Virtual Factitious Disorder

Virtual Factitious Disorder - VFD

A mental disorder in which a person creates a virtual, usually cybernetic, identity and then identifies psycho-emotionally more with it than with any real life identity. A common sobriquet for this malady is “Munschhausen by Internet”. This disorder at best , generates, perpetuates or worsens a condition of personality disorder, but at worse can cause great emotional and psychological harm to others, sometimes actual financial suffering and identity theft, loss of employment or reputation, and chaos in real world relationships. It finds many cyber-pathways including social media and virtual grid metaverses such as Second Life.


Symptoms you may suffer from this disorder:

- You identify more strongly with your avatar or a role-play character you play, than with your real-world self.

- You spend far more time living and interacting as your avatar or a role-play character than you do with real people in the real world.

- You have felt at least once in recent months a strong sense of displacement from your actual body and the sensation that you are literally your avatar on a grid or even a character in a role-play region on that grid.

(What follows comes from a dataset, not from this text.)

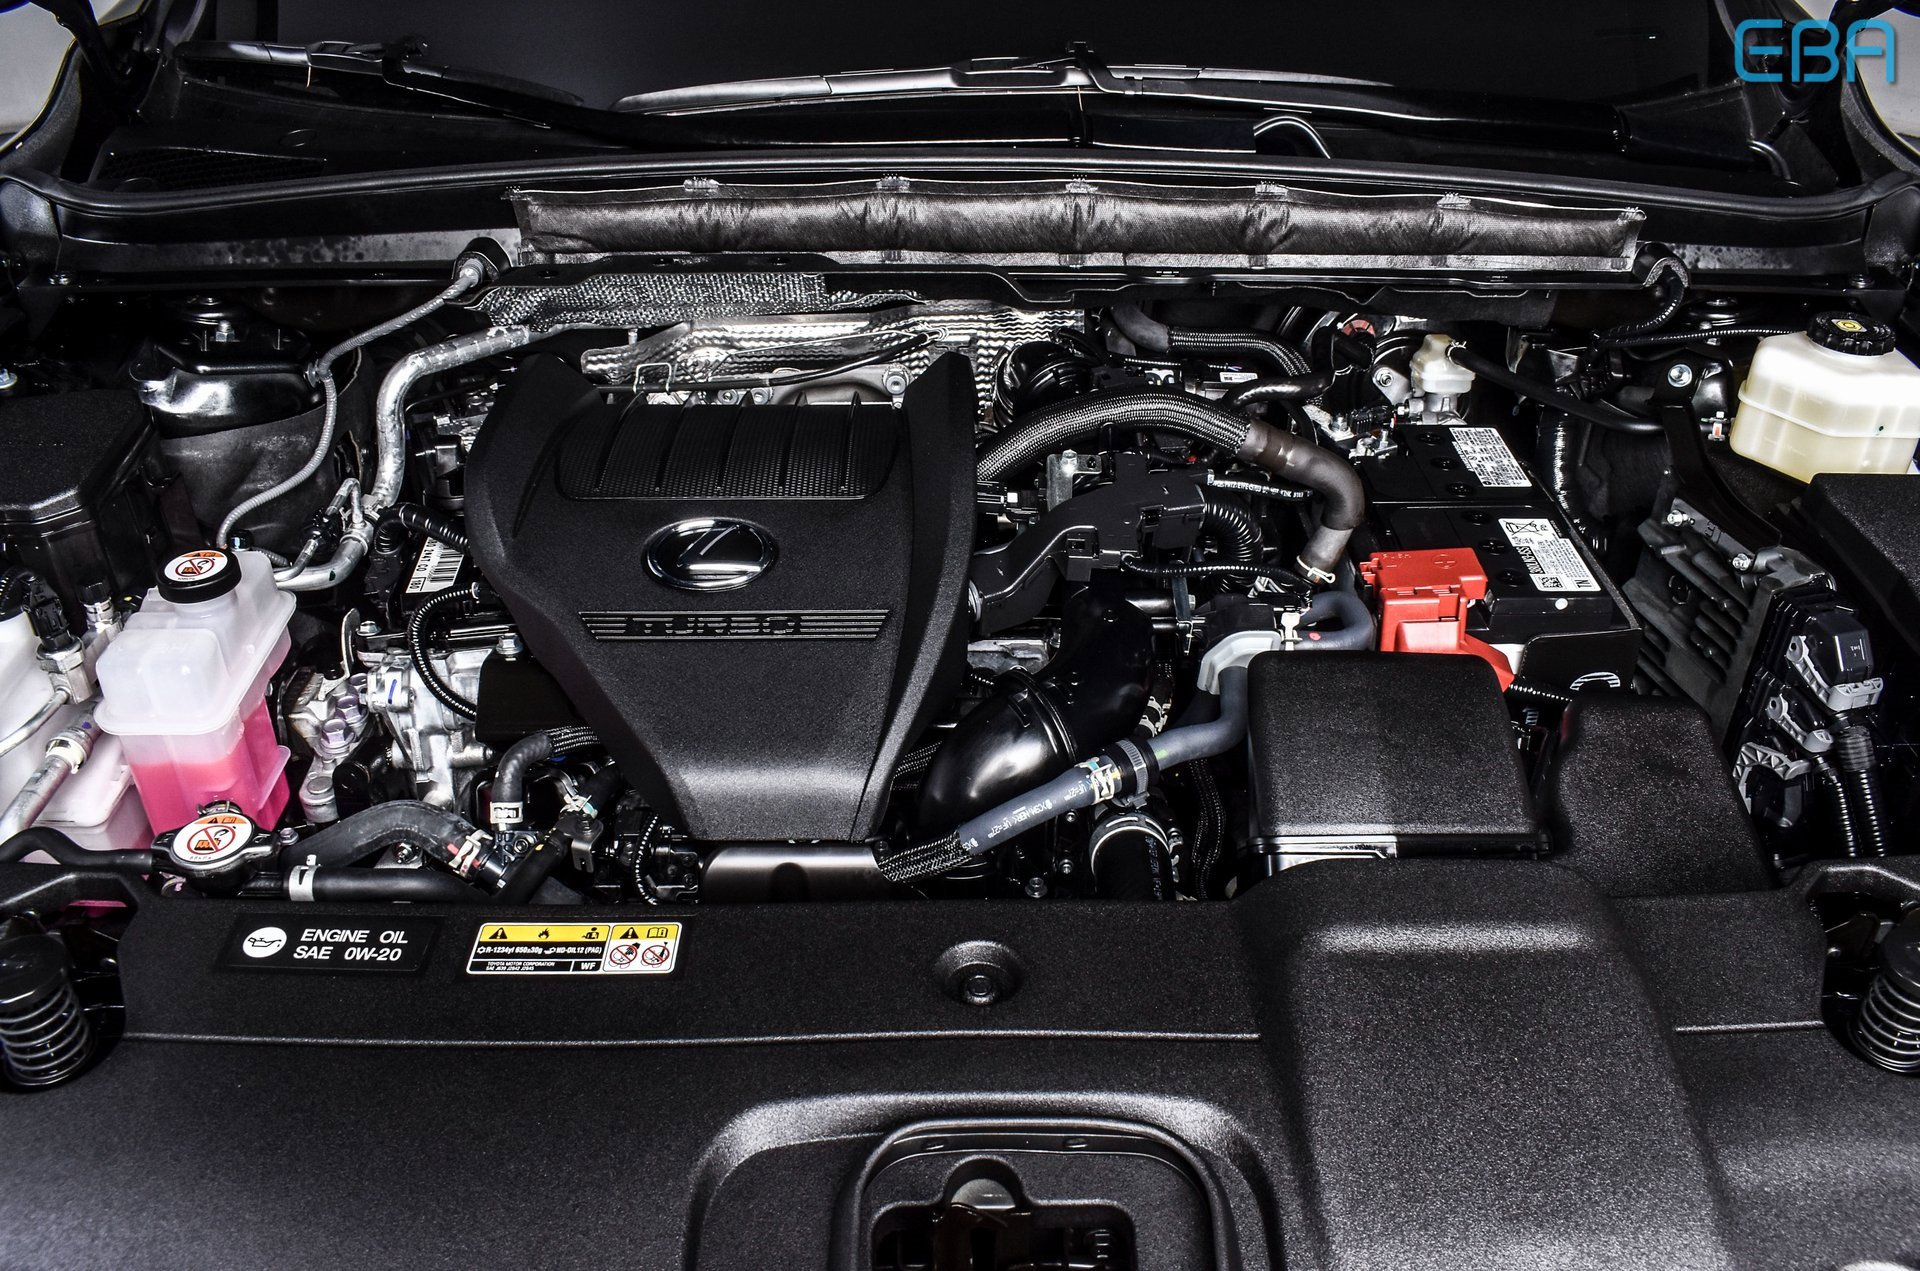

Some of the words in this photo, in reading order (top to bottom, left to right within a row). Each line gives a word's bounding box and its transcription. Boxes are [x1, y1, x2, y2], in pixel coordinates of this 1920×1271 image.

- You experience real and powerful emotions from how your avatar identity or a role-play character of yours is treated: joy, importance, personal power, love both unilateral and bilateral, erotic arousal and fulfillment, validation and okay-ness, respect, honor, dislike, hostility, anger, hate, and even a vicious desire to destroy someone.

- You take real actions to slander and harm real people because of their negative reaction to, or treatment of your avatar identity or a role-play character identity.If your avatar identity is treated poorly in either an out-of-character or in-character situation, you go into real world depression over it and may feel suicidal.

- You rejoice and feel genuinely loved in a role-play romance or virtual family or group, and you feel rejected, heartbroken or betrayed when it ends.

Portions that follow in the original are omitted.